Mientras bajaba iba descubriendo un edificio que se amoldaba a la trama del éste parque, parque y edificio hacían simbiosis. A través del recorrido se iban revelando las distintas salas iluminadas; donde había más gente era en el famoso bar del que hablaba mi pata. No era muy grande, de hecho no era una discoteca, pero era acogedor y hasta me encontré con unos amigos de la universidad que vivían por ahí.
El lugar definitivamente ha cambiado, ahora no da miedo bajar hasta la playa, las terrazas donde antes se dejaban mensajes con piedras ahora son murales donde quien quiera se puede expresar y en su lugar hay este edificio-parque que brinda un espacio para los jóvenes. La bajada que existía ahora esta mejor iluminada y es más segura. Gracias al barcito y el estar de la casa joven ya hay menos “chibolos pastrulos” y si quiero tomar ya no tengo que esconderme con la botella de 3litros de roncola en los lugares oscuros de la bajada, ahora me voy al bar; y esos antiguos lugares oscuros ahora están iluminados y son lugares para estar y conversar.
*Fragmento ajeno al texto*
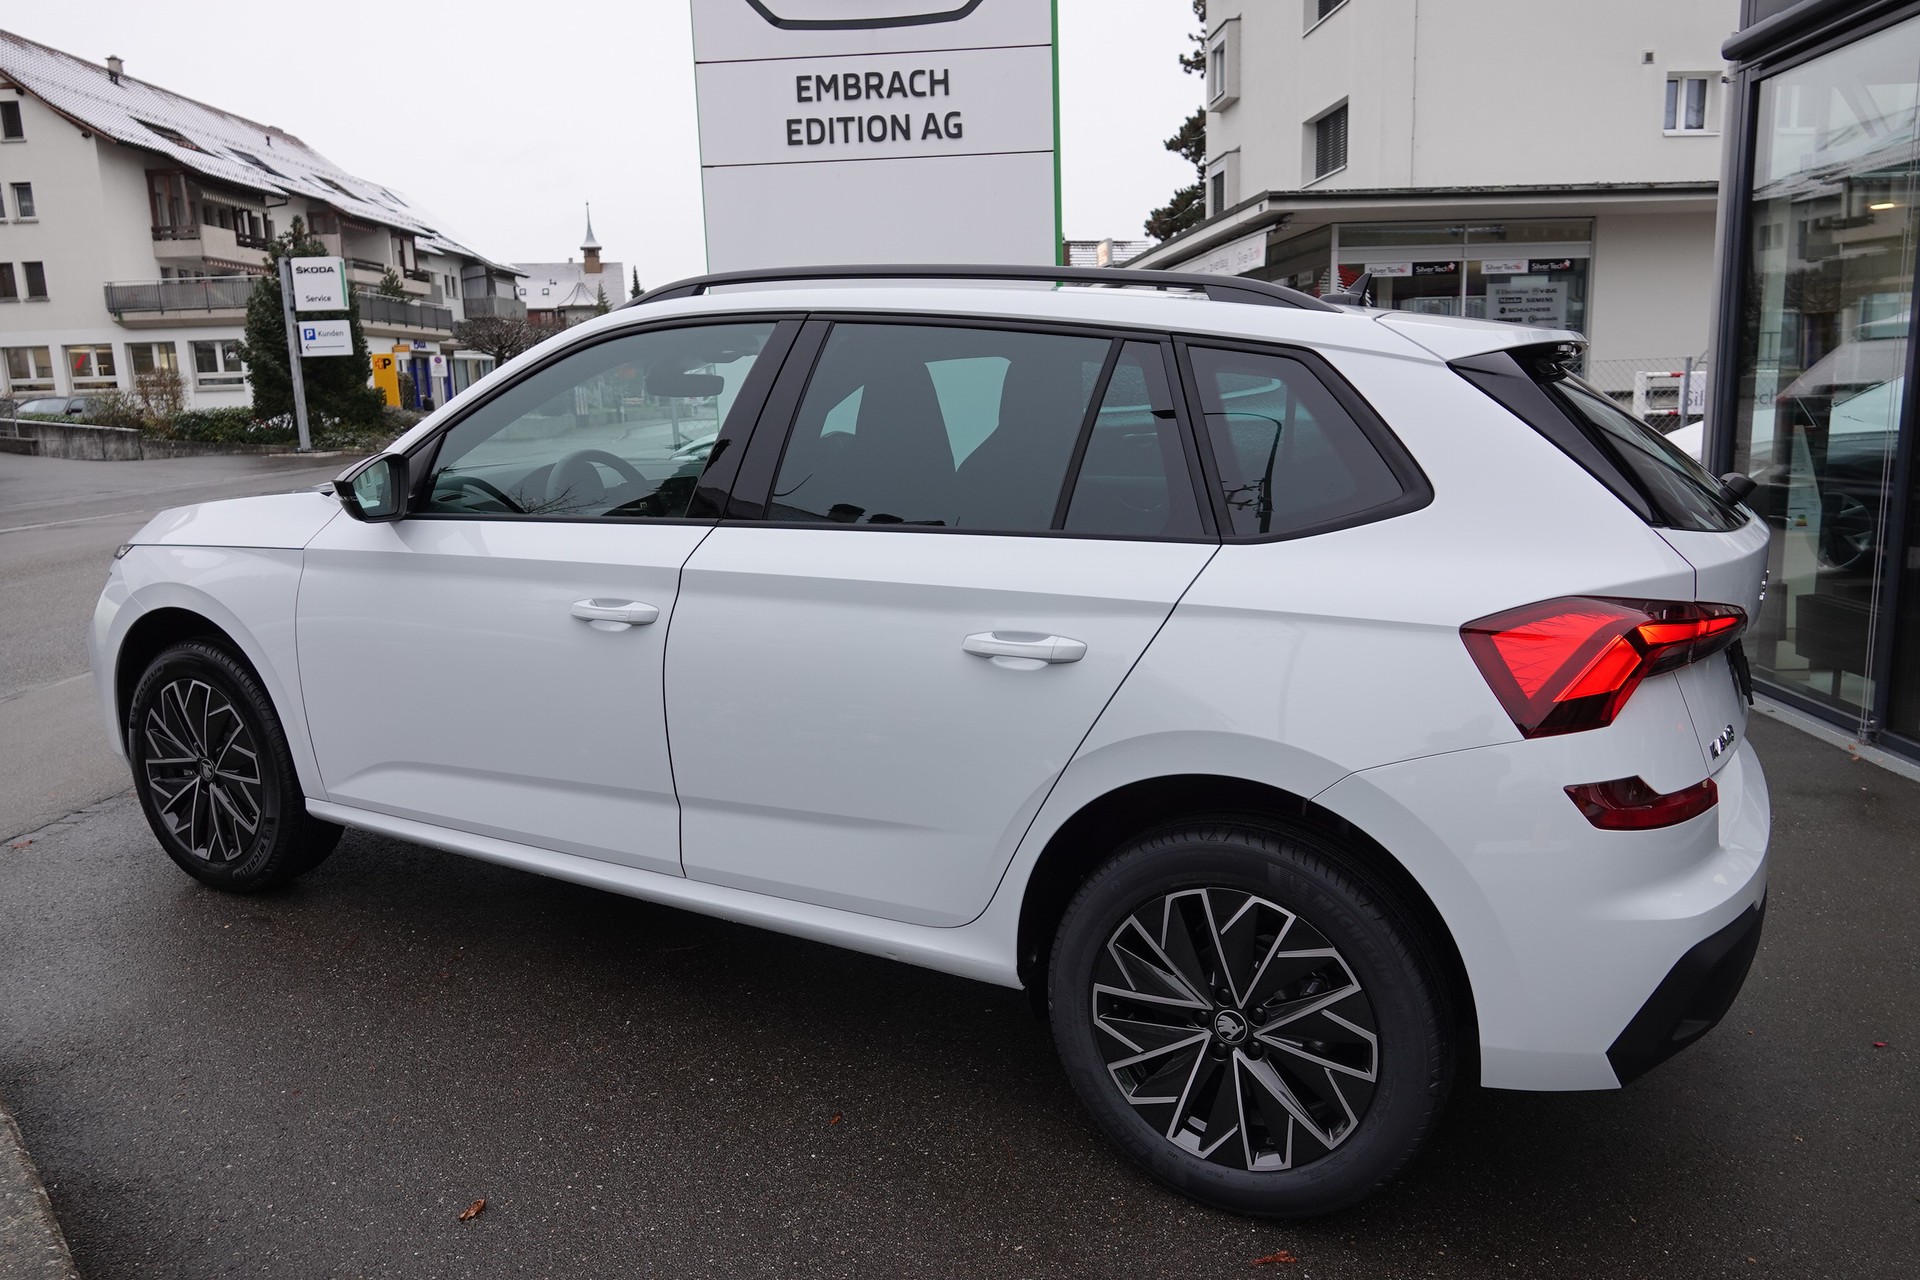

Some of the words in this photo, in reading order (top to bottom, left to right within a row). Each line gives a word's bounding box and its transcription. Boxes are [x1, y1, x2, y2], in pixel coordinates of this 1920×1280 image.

En definitiva el lugar ha cambiado. Ahora se puede disfrutar de día y de noche y puedo estar y disfrutar de mi tiempo libre en un lugar sin tener nada que hacer.
Un día de verano…
La familia Aguado vive en Barranco. Hoy es un lunes del mes de febrero, como todos los días de semana, papá Aguado se va a trabajar muy temprano, él trabaja en San Miguel y como siempre, usa la Costa Verde como vía de rápida, la cual recién han vuelto a abrir después de algunas obras que se estuvieron realizando. Sale junto a su esposa a las 8 de la mañana, llevando a sus dos hijos menores de 10 y 5 años a una nueva academia de natación que le han recomendado y le queda en camino.
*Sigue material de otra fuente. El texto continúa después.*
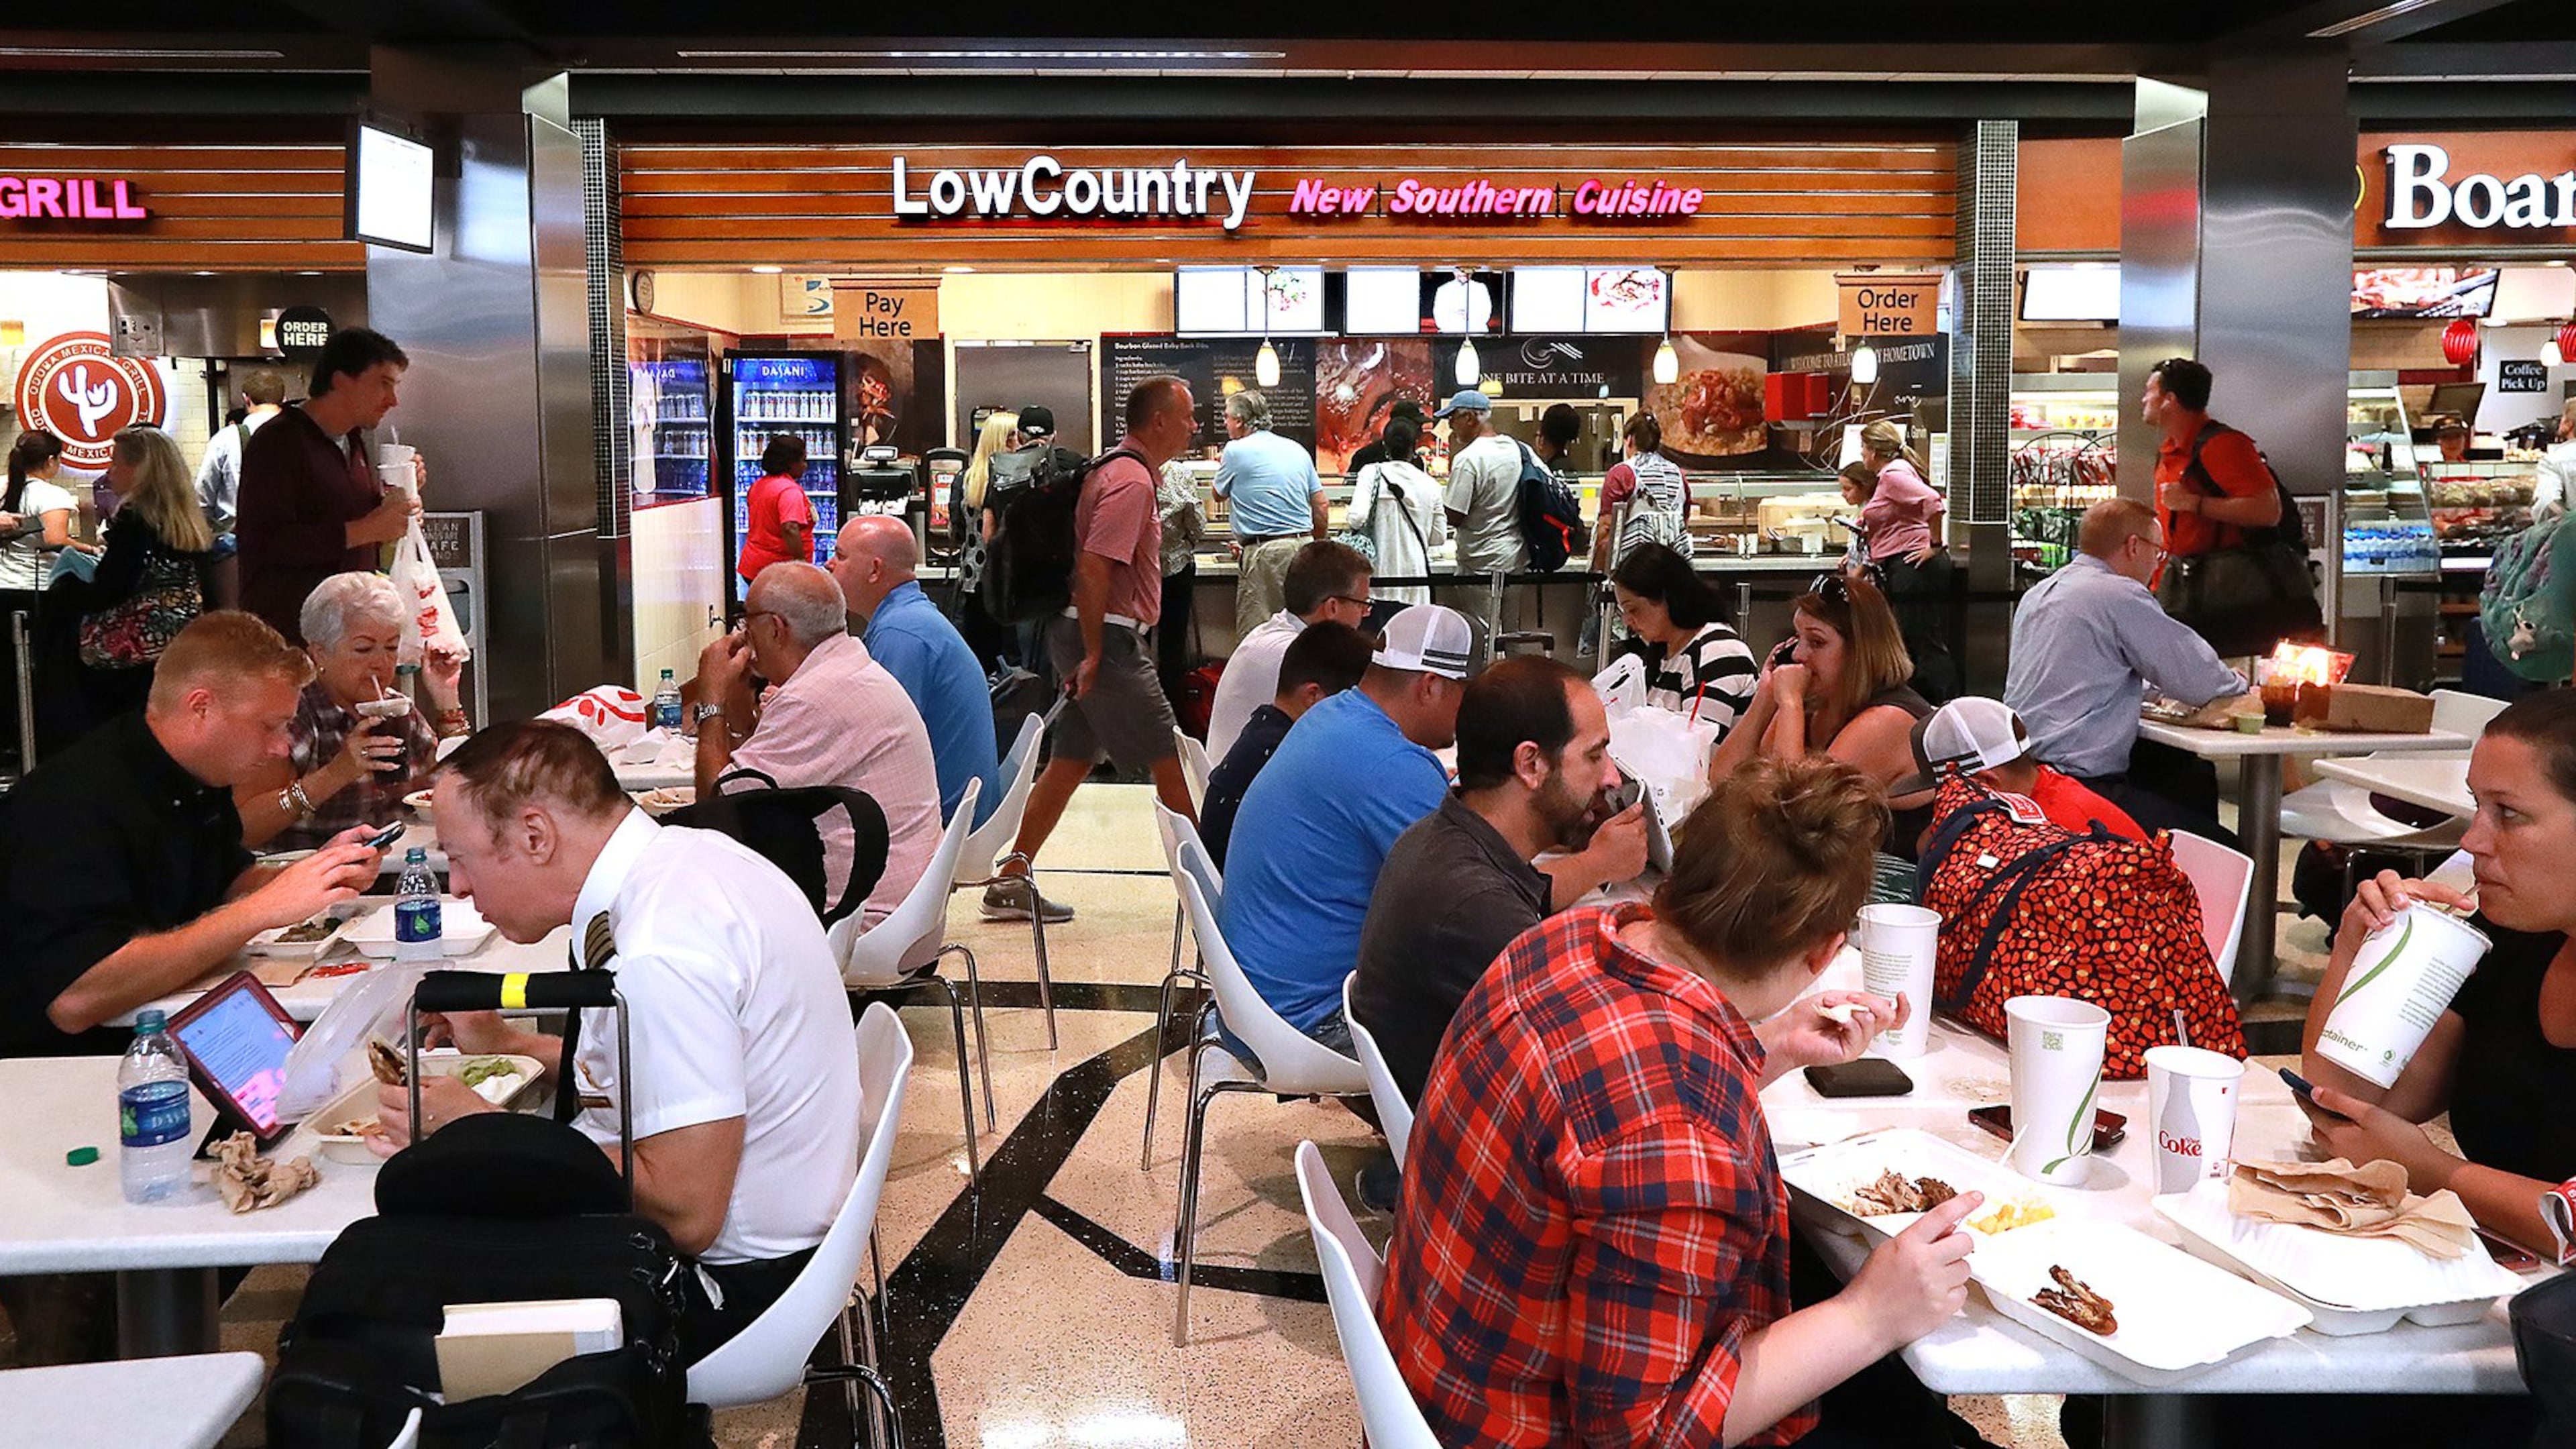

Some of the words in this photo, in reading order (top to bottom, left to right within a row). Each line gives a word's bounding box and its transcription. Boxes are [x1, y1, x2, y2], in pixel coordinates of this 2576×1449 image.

Ya en camino, pasando el puente de la playa La pampilla, llegando al límite de Miraflores con San Isidro, se comienza a divisar un gran paisaje acuático, aterrazadas superficies de agua, puestas de una manera tan natural que pareciera que el mar y la naturaleza subieran y se infiltraran en la ciudad.
Papá Aguado se da con la sorpresa que el gran tráfico con el que se encontraba todas las mañanas en esa zona había desaparecido. Todo se debe a que han creado una nueva vía la cual va por abajo del acantilado, bordeándolo y conduciéndote a la entrada al estacionamiento del gran complejo acuático, donde queda la academia de los niños. Mamá convence a papá a quedarse una rato para ejercitarse, ya que al no haber tráfico aún tiene tiempo antes de irse a trabajar.
Papá Aguado decide quedarse y dirigirse a una de las piscinas públicas, en la parte media del acantilado, desde donde tiene vista de sus hijos en la academia y una vista espectacular de la bahía entera. Mientras tanto mamá Aguado se dirige al aquafitness para mantenerse en forma, desde donde también puede ver a los niños, a su esposo y desde donde también puede ver a su hijo de 16 años, el cual es deportista calificado, saliendo de su entrenamiento matutino de todos los días y dirigiéndose al gimnasio a completar dicho entrenamiento. Papá continúa su viaje al trabajo, mientras sale del estacionamiento aún puede ver a su familia en lo suyo, sumergida en el gran complejo.
Dan las 11 de la mañana los niños terminan su clase y sin necesidad de salir del agua se pueden dirigir a las piscinas lúdicas del parque acuático, donde pueden disfrutar y recrearse con el agua de todas la maneras inimaginables. Mamá se dirige al centro de belleza donde le realizan unos masajes y donde siente una gran paz que le da la iluminación y la vista al interior de las piscinas, generando unos suaves reflejos relajantes.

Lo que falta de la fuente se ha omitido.